Time not measured: I thought about the problem about 5 minutes before starting hacking. So my time is probably about 2:34.
Code
Without further ado, I give you the code:
class Img
attr_reader :w, :h, :slices
def initialize
# unpack as 8bit unsigned chars
@d = IO.binread("TokyoPanoramaShredded.raw").unpack("C*")
@w = 640
@h = 359
@slices = 20
@sw = @w / @slices
end
def write(sorted)
data = @d.dup
source_slice = 0
sorted.each do |target_slice|
# copy one slice
@sw.times do |w|
@h.times do |h|
target_idx = idx(w + @sw * source_slice, h)
source_idx = idx(w + @sw * target_slice, h)

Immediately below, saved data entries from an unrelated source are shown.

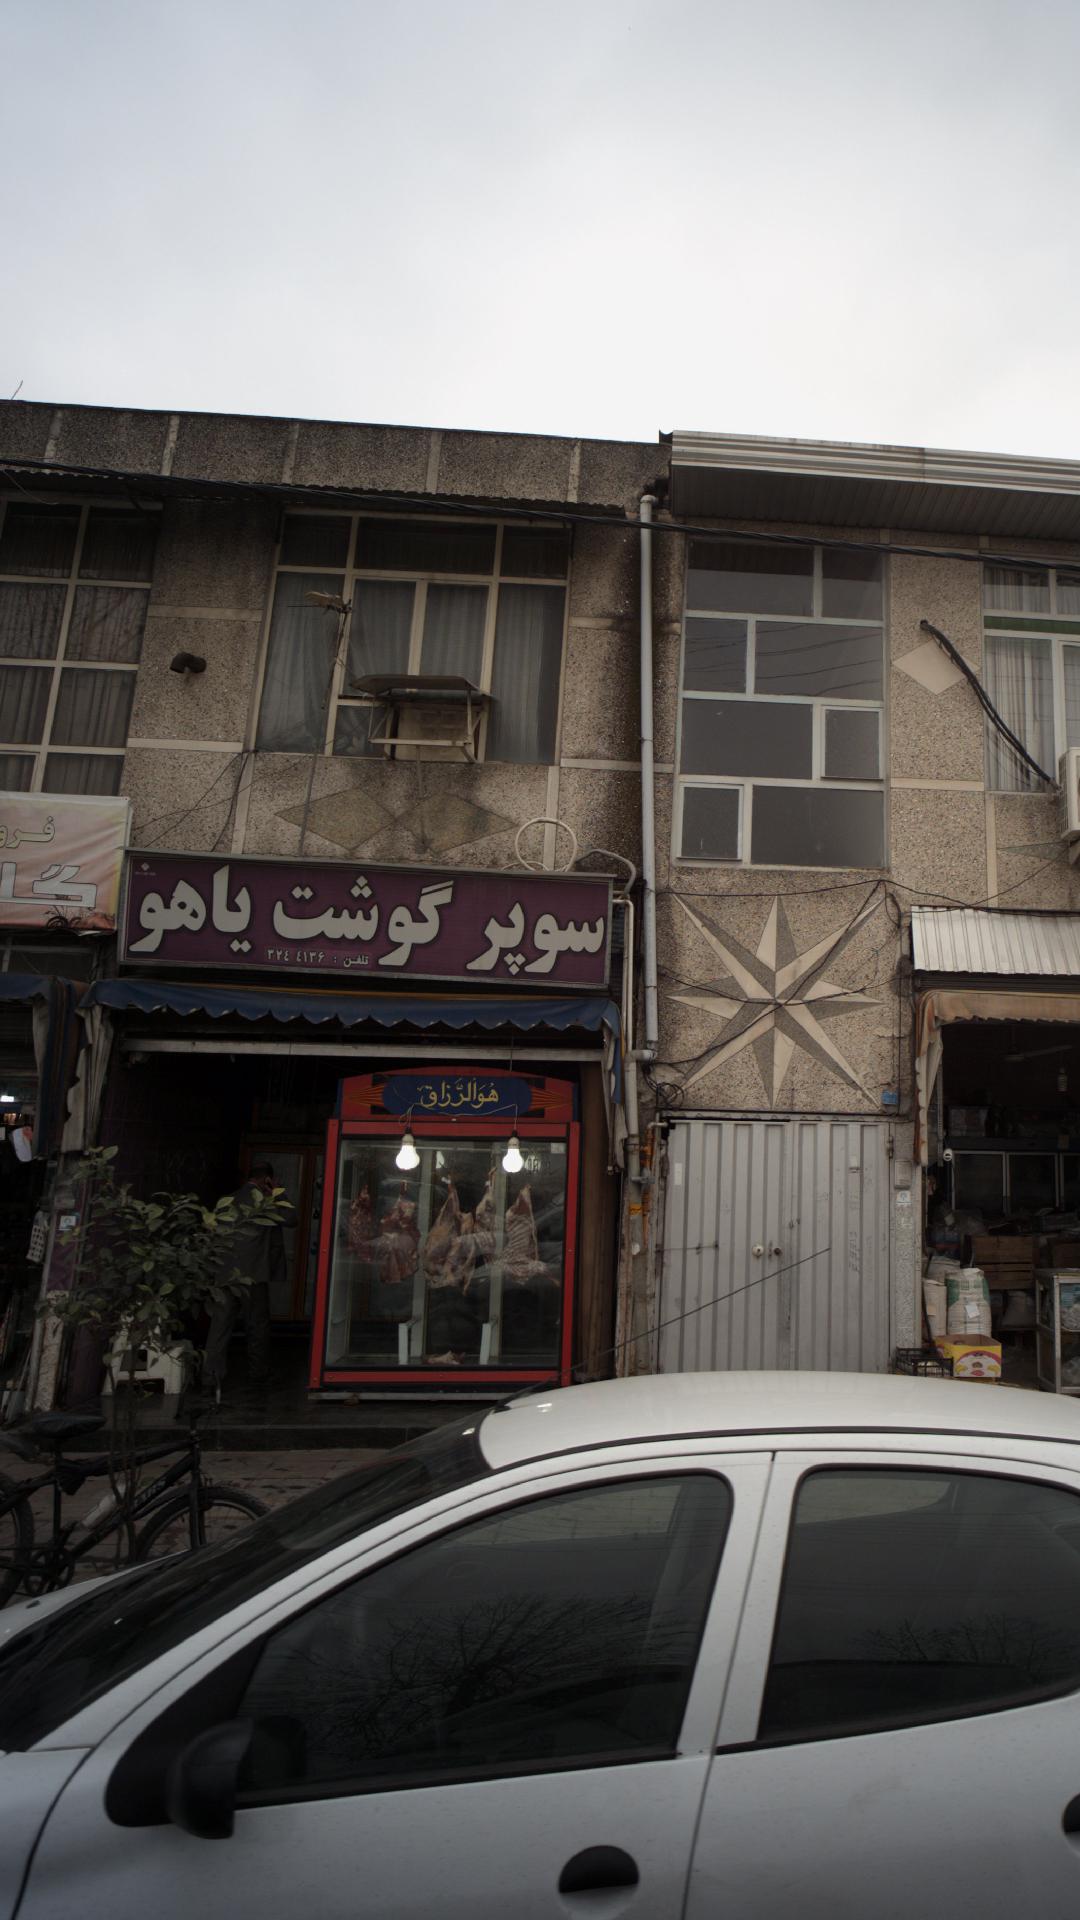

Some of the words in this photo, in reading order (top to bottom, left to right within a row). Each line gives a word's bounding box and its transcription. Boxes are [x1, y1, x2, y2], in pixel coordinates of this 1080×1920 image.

[273, 875, 455, 967] گوشت
[466, 900, 604, 975] سوپر
[343, 955, 369, 968] تلفن
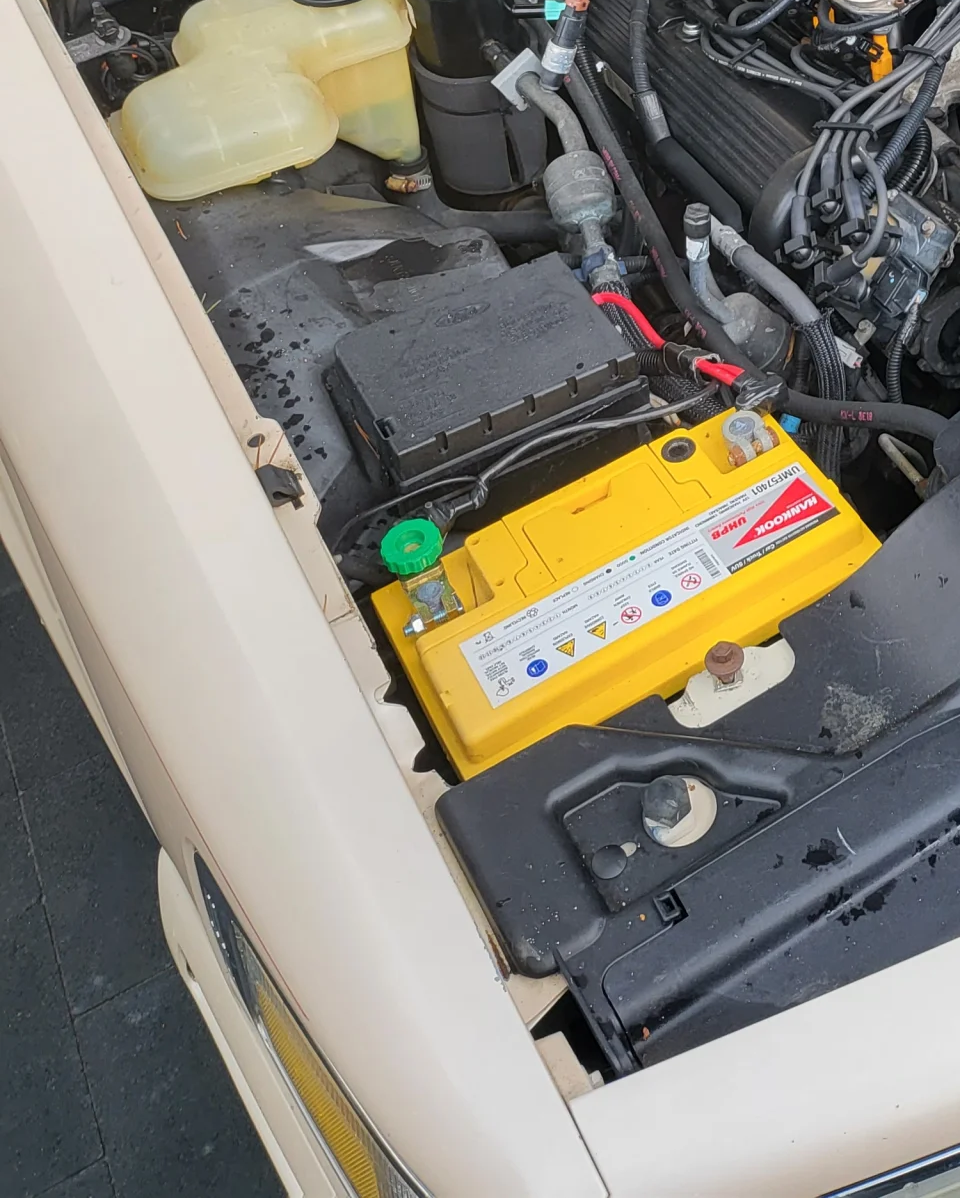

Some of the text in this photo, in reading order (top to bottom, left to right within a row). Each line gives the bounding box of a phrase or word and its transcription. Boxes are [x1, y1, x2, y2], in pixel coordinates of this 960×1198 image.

[750, 465, 800, 495] UMF57401
[753, 495, 819, 535] HANKOOK
[709, 515, 748, 540] UHPB
[764, 543, 775, 551] Car
[745, 551, 762, 562] Truck
[729, 561, 744, 571] SUV
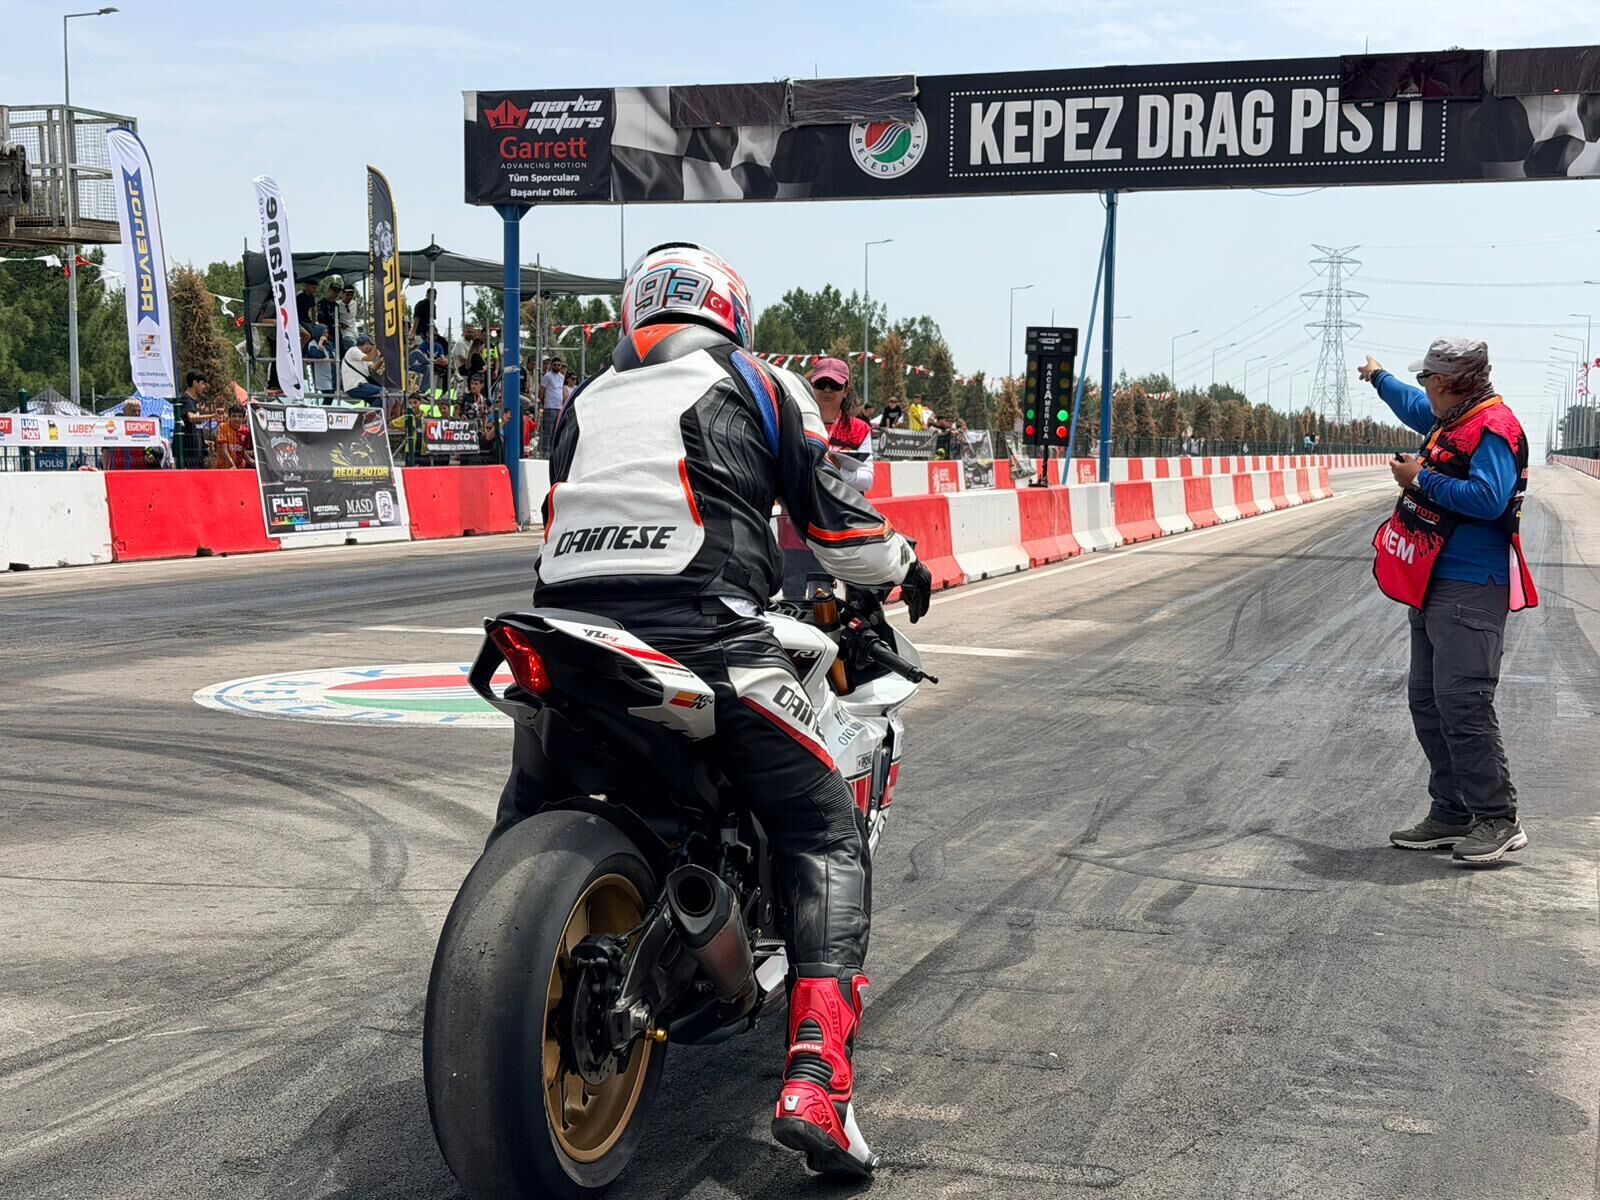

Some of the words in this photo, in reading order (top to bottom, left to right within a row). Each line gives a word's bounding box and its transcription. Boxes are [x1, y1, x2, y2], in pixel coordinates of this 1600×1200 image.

[529, 95, 603, 118] marka
[525, 112, 605, 135] motors
[970, 96, 1124, 165] KEPEZ
[1137, 89, 1275, 160] DRAG
[499, 136, 588, 160] Garrett
[508, 174, 529, 182] Tüm
[531, 173, 580, 183] Sporculara
[510, 188, 551, 199] Başarılar
[553, 188, 578, 197] Diler.
[271, 496, 304, 513] PLUS
[554, 526, 677, 558] DAINESE

data[target_idx] = @d[source_idx]
data[target_idx+1] = @d[source_idx+1]
data[target_idx+2] = @d[source_idx+2]
end
end
source_slice += 1
end
File.open("out.raw", "wb") do |f|
f.write data.pack("C*")
end
end
def idx(x, y)
(y * @w + x) * 3
end
# top left is 0, 0
def rgb(x, y)
i = idx(x, y)
[@d[i], @d[i+1], @d[i+2]]
end
# calculate sum of difference between r, g, b of two columns
def difference(x1, x2)
diff = 0
@h.times do |y|
# find best in range. This is required because otherwise the black syscraper fucks things up.
lower = y - 15
lower = 0 if (lower < 0)
upper = y + 15
upper = @h-1 if upper >= @h
best = 1e100
lower.upto(upper) do |r|
v = 0
rgb1 = rgb(x1, r)
rgb2 = rgb(x2, r)
d = rgb1[0] - rgb2[0]
v += d*d
d = rgb1[1] - rgb2[1]
v += d*d
d = rgb1[2] - rgb2[2]
v += d*d
best = v if (v < best)
end
diff += best
end
diff
end
def slice_start_idx(s)
@sw * s
end
def slice_end_idx(s)
@sw * s + @sw - 1
end
end
# calculate
img = Img.new
# create ALL pairings.
slices = 20
pairs = []
slices.times do |s1|
slices.times do |s2|
next if s1 == s2
pairs.push [img.difference(img.slice_end_idx(s1), img.slice_start_idx(s2)), [s1, s2] ]
end
end
def add_to_group(combined, new_group)
# create array of fixed numbers
taken_numbers = {}
taken_left = {}
taken_right = {}
combined.each do |group|
group[1..-2].each do |x|
taken_numbers[x] = true
end
taken_left[group.last] = true
taken_right[group.first] = true
end
was_found = false
combined.each do |group|
next if was_found
if (group.last == new_group.first)
# insert at back
was_found = true
new_group.delete_at(0)
if taken_numbers[new_group.last] || taken_left[new_group.last] || new_group.last == group.first
return
end
new_group.each do |x|
group.push x
end
elsif (group.first == new_group.last)
# insert at front
was_found = true
new_group.pop
if taken_numbers[new_group.first] || taken_right[new_group.first] || new_group.first == group.last
return
end
new_group.reverse.each do |x|
group.insert(0, x)
end
end
end
if !was_found
cf = combined.flatten
new_group.each do |x|
was_found = was_found || cf.index(x)
end
if !was_found
combined.push new_group
end
end
end
# sort, lowest first
pairs.sort!
# create combinations.
# combined has an array of all correspondences.
combined = []
pairs.each do |diff, new_group|
# insert new group
add_to_group(combined, new_group)
# try to recombine everything, until nothing changes any more
was_recombined = true
while was_recombined
new_combined = []
combined.each do |group|
add_to_group(new_combined, group)
end
was_recombined = combined.size != new_combined.size
combined = new_combined
end
if (combined.size == 1 && combined[0].size == img.slices)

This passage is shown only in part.